“L’abbraccio”, in prima visione su Rai Storia in seconda serata, ripercorre la storia del giudice Antonino Saetta ucciso dalla mafia insieme al figlio
È la notte del 25 settembre 1988, una notte più luminosa delle altre: la luna è piena e irradia la Statale 640, quella che da Agrigento conduce a Caltanissetta; un’auto è in corsa quando, all’altezza del viadotto Giurfo, è attaccata da un commando di sicari che cominciano a sparare. I corpi delle vittime, irriconoscibili, sono quelli di Antonino Saetta, di anni 65, presidente della prima sezione della Corte d’Assise d’Appello di Palermo, e del figlio Stefano, trentacinquenne. Entrambi erano diretti nel capoluogo siciliano, senza scorta né auto blindata, dopo avere partecipato al battesimo di un nipotino a Canicattì. Una storia ripercorsa da “L’abbraccio”, in onda martedì 25 ottobre alle 22.10 in prima visione su Rai Storia.
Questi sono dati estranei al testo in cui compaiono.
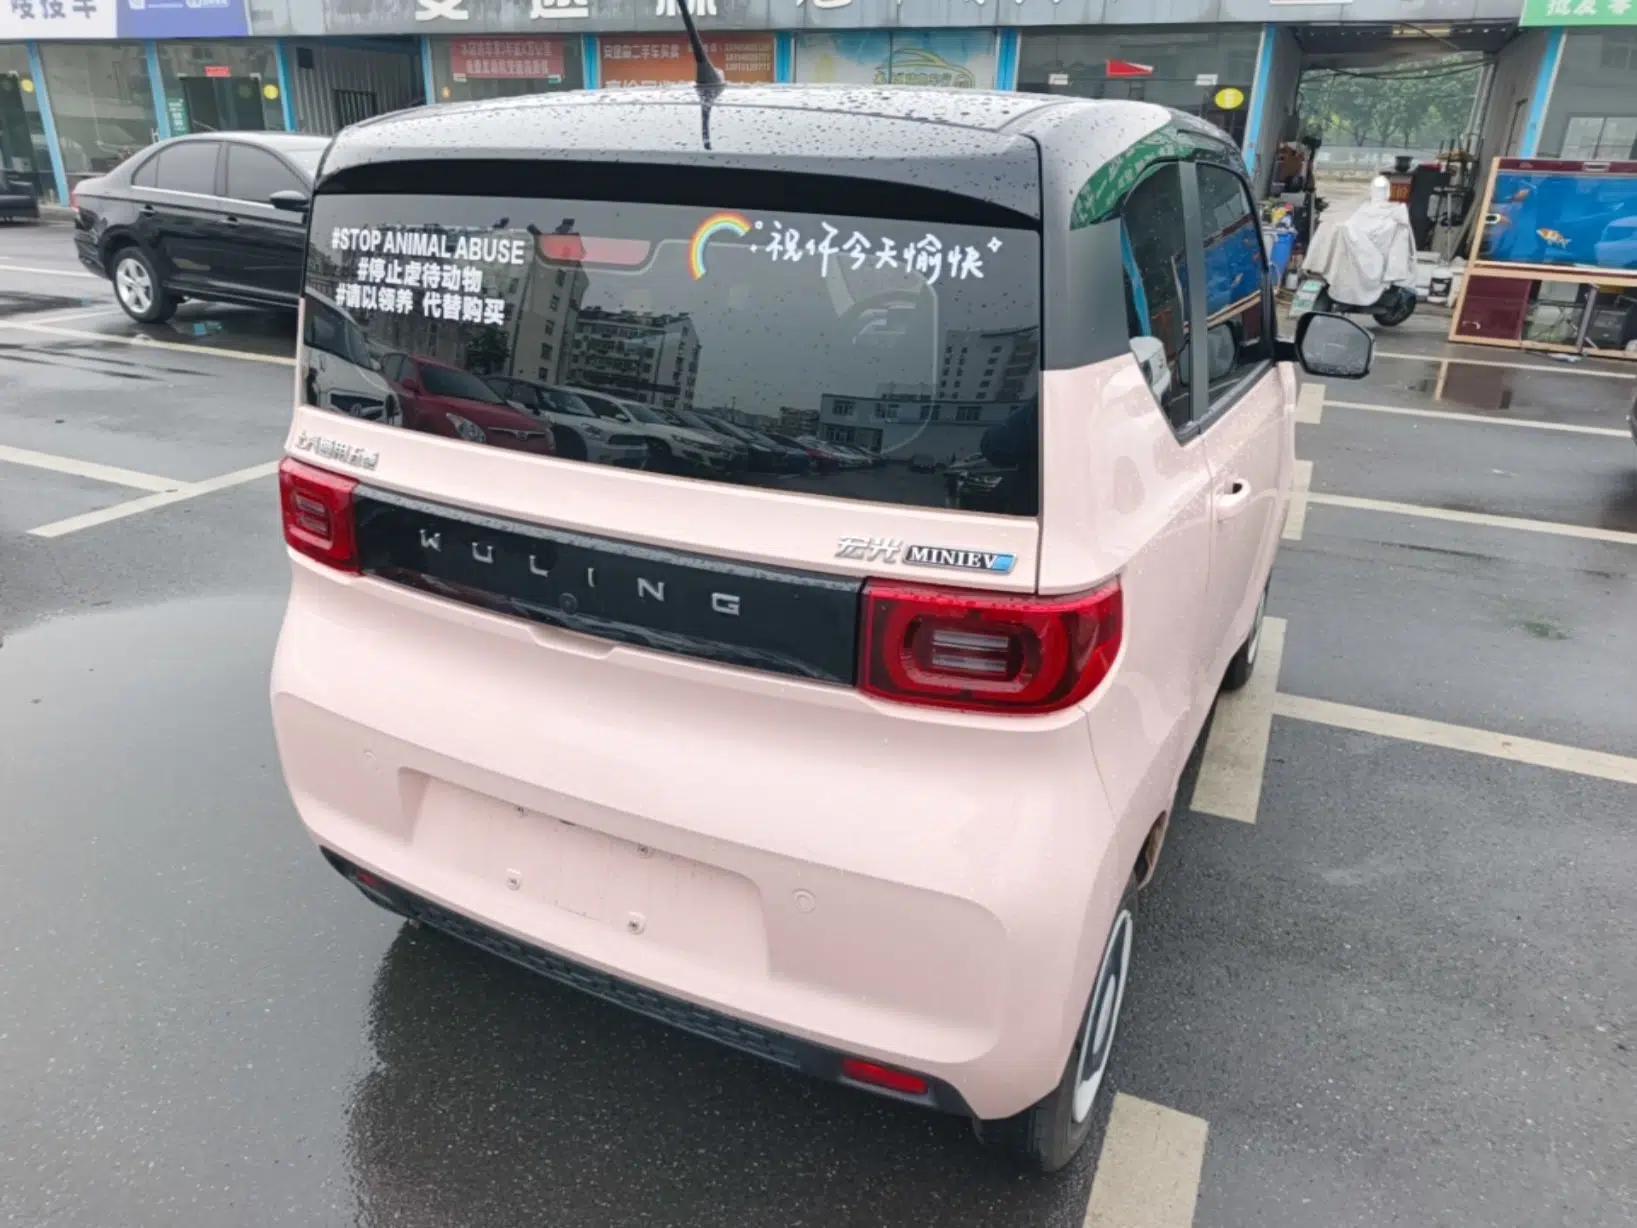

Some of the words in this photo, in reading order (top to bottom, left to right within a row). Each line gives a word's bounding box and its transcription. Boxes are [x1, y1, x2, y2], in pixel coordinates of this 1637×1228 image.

[332, 227, 380, 251] #STOP
[383, 231, 450, 257] ANIMAL
[454, 236, 525, 264] ABUSE
[357, 257, 483, 292] #停止虐待动物
[422, 291, 505, 325] 代替购买
[911, 547, 998, 568] MINIEV
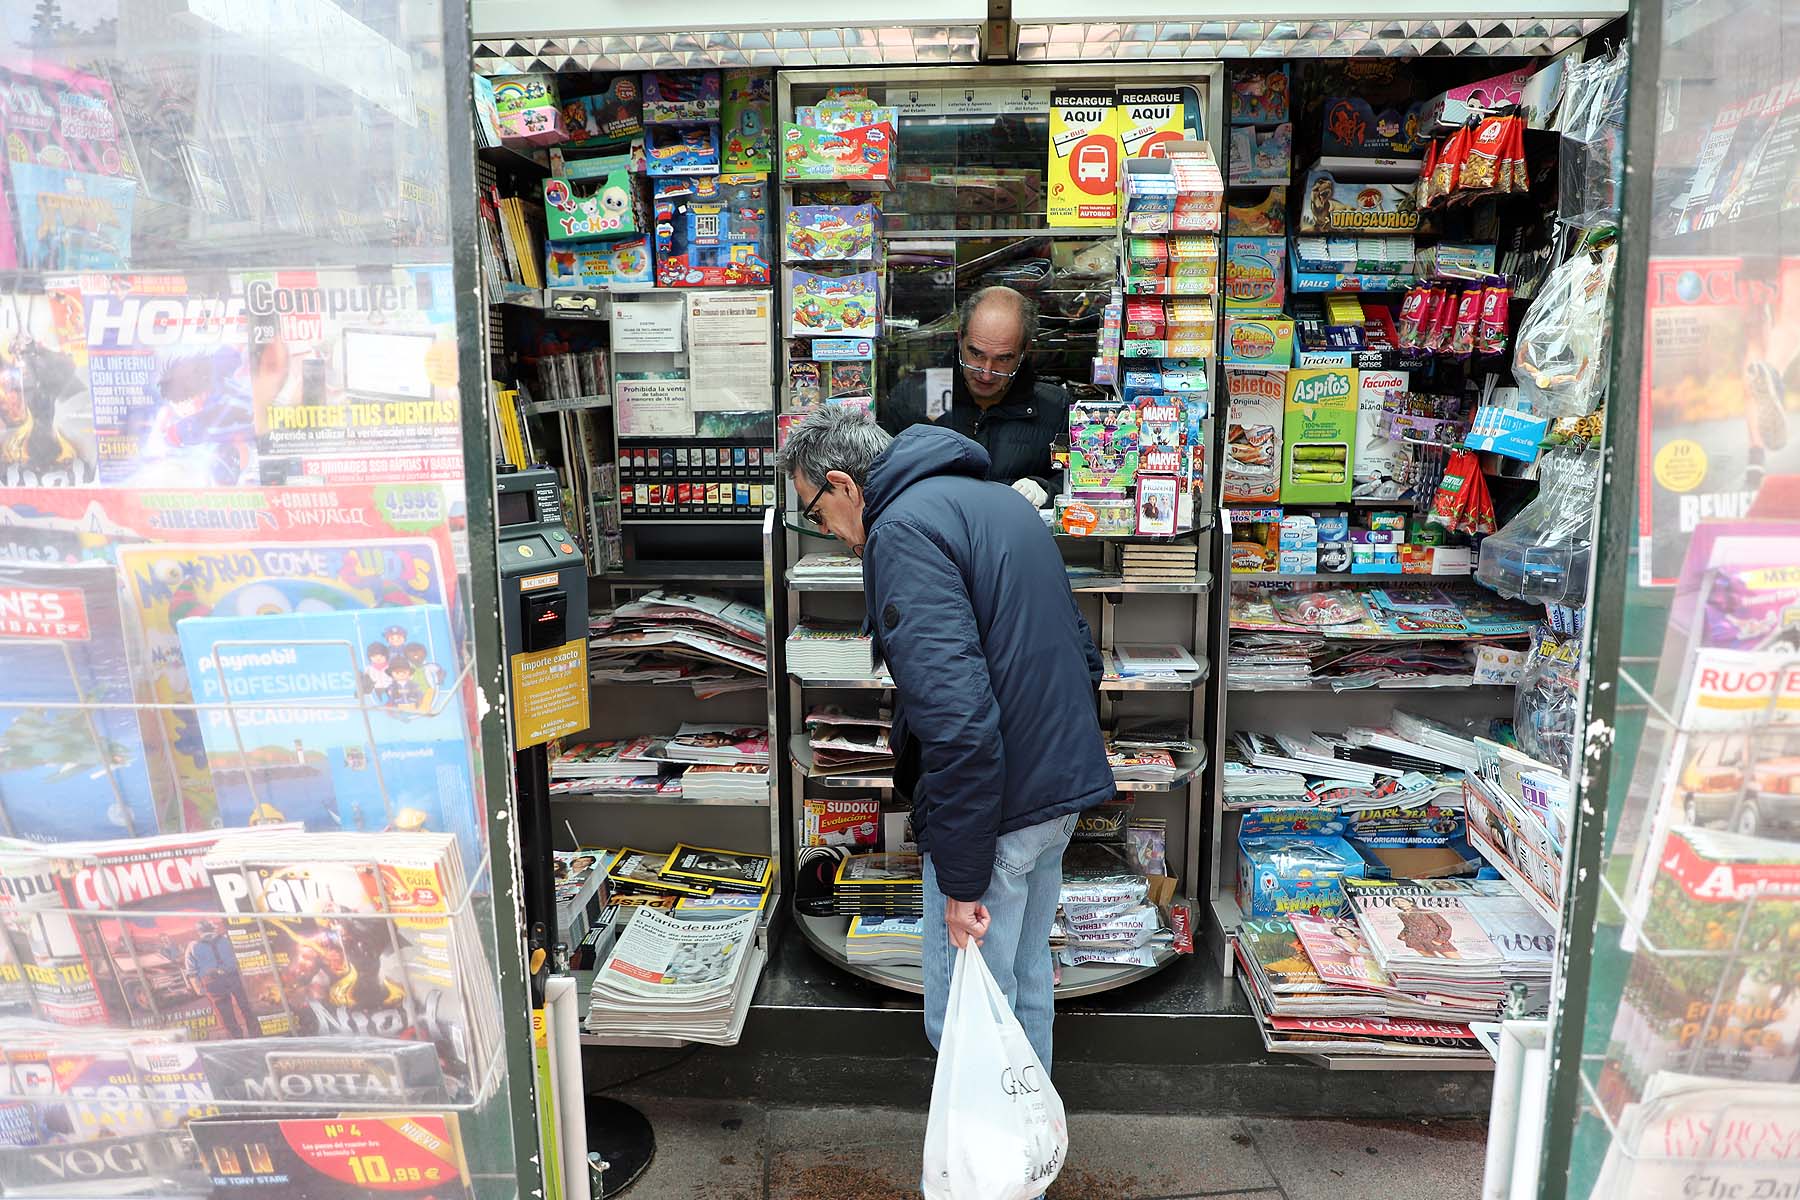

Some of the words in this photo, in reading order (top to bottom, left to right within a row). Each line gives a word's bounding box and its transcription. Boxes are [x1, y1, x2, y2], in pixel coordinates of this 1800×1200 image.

Dal processo alle Brigate Rosse, a Genova, a un altro che fa epoca, quello del naufragio della nave mercantile Seagull, il cui esito condurrà a una svolta legislativa, Antonino Saetta è anche il giudice che emana le severe condanne contro mandanti ed esecutori della strage che colpì Rocco Chinnici e dell’assassinio del capitano dei carabinieri Emanuele Basile. Perciò la mafia uccide, per la prima volta, un magistrato giudicante, il più accreditato a presiedere l’appello del famoso Maxiprocesso, e, per la prima volta, insieme a un figlio. Lo stesso che, quella notte di plenilunio, fu ritrovato con il corpo del padre riverso sul suo. Forse, l’ultimo ed estremo tentativo di Antonino di salvargli la vita, nell’ultimo abbraccio.